When they opened the shop in Michaelska Street, Frantisek swore it would be the making of them. Veronika protested that the mortgage would leave them in penury, but he countered that a Staré Mêsto address was necessary to attract the clientele that would be interested in—and could afford—the merchandise they would have for sale. Veronika said they would just see tourists, not real monied people.

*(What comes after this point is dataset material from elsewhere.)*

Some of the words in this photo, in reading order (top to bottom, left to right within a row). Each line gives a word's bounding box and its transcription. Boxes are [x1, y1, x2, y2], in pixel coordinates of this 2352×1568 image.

"Tourists have money, too," Frantisek would explain. He would be wearing a chef's jacket of nucotton twill with a double row of buttons down the front, or perhaps a Victorian cutaway with a red waistcoat, or even a synthetic denim shirt whose shoulders were embroidered with poppies.

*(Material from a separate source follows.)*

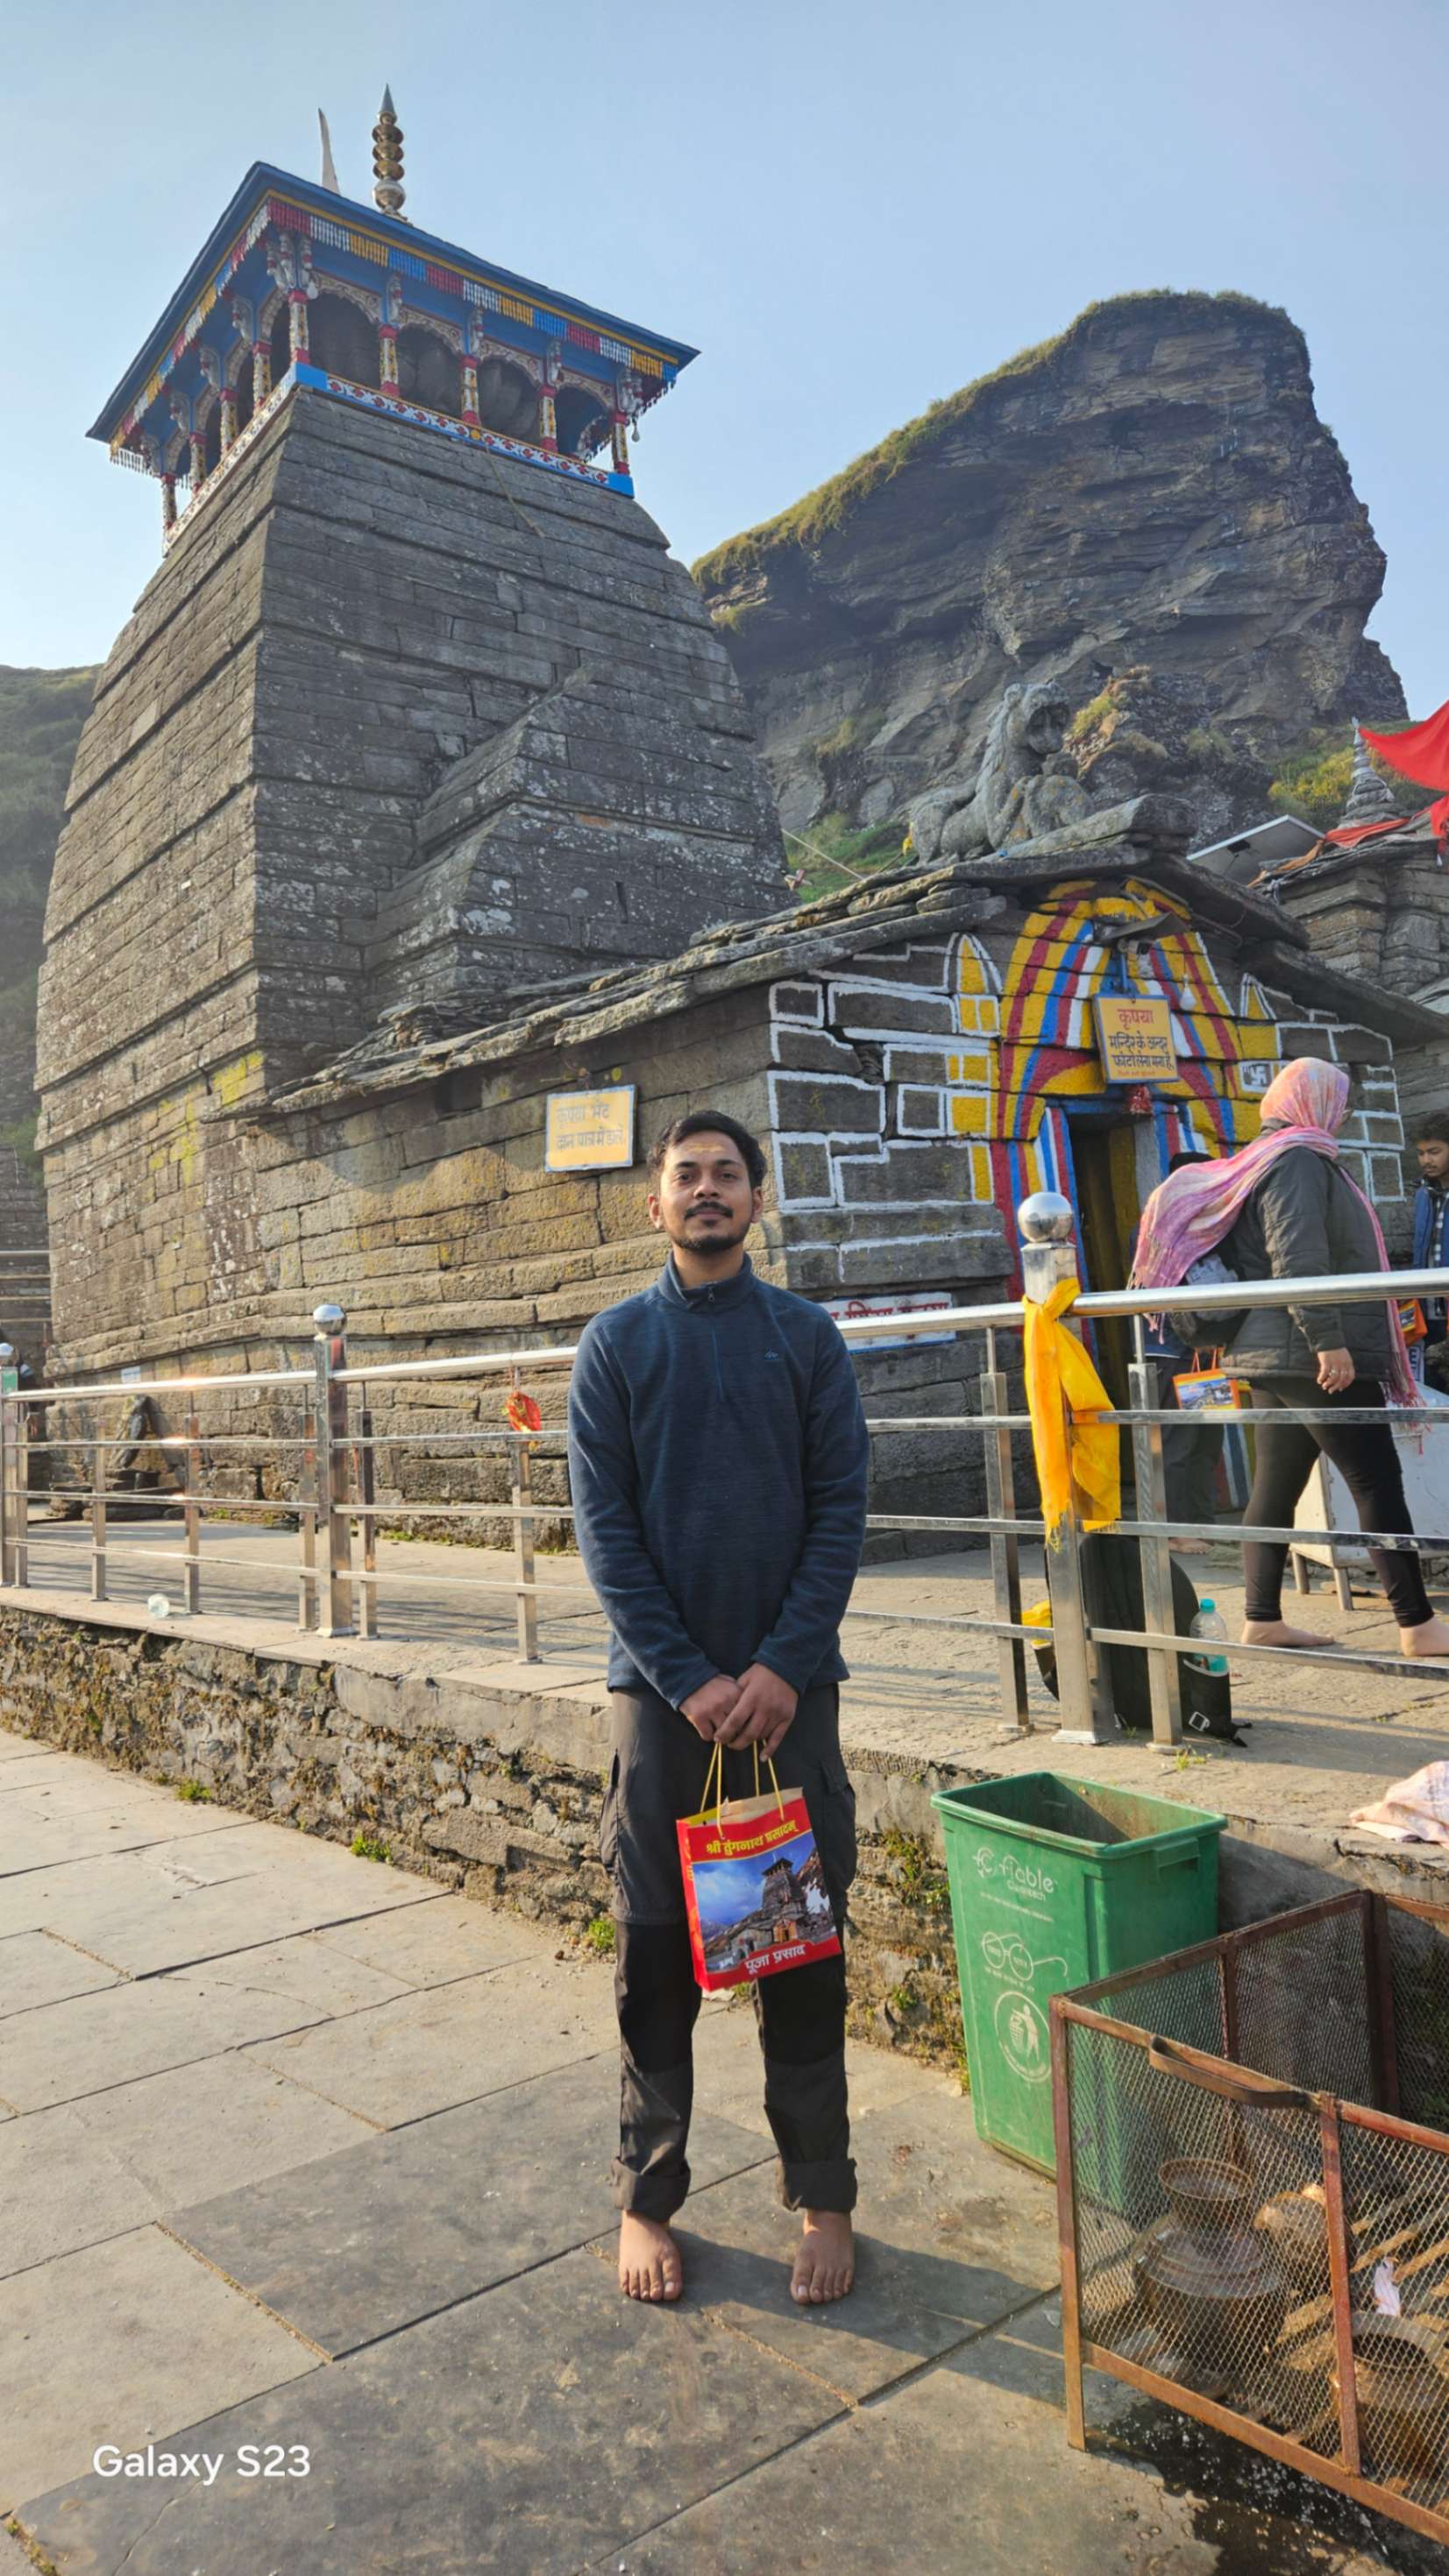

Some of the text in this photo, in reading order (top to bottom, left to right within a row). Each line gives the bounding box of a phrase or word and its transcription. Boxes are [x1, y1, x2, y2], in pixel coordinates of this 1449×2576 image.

[1117, 1009, 1154, 1030] कृपया
[706, 1838, 721, 1854] श्री
[744, 1954, 771, 1975] पूजा

"But will they pay a thousand euros for some old pitcher?"
"Tourists especially will pay."
She would only sigh, her dark eyes glistening so much Frantisek wanted to kiss her. Veronika was willowy, with long chestnut hair and a full mouth. "I hope you're right," she said.
Within a year she had left him.
As agent for InVirtu GMBH, Frantisek had established a large network of the most knowledgeable suppliers in Europa and the Caliphate. His shop, situated between a music store and a small restaurant, was full of exotic objets d'art dating from before the Die-Off. A seventeenth-century astrolabe. Roman glassware. A functioning late-twentieth-century Atari computer. Marlene Dietrich's hand mirror. A perfectly preserved tabla, with drumhead of genuine animal hide. The bicycle that had won the 2012 Tour de France. And Frantisek's specialty: antique clothing of materials ancient and rare. Despite lanolin-resistant bacteria and the bio-engineered cotton smut, Frantisek could sell you a pre-collapse jacket in 100% genuine wool and put a 1950s sateen handkerchief in its breast pocket.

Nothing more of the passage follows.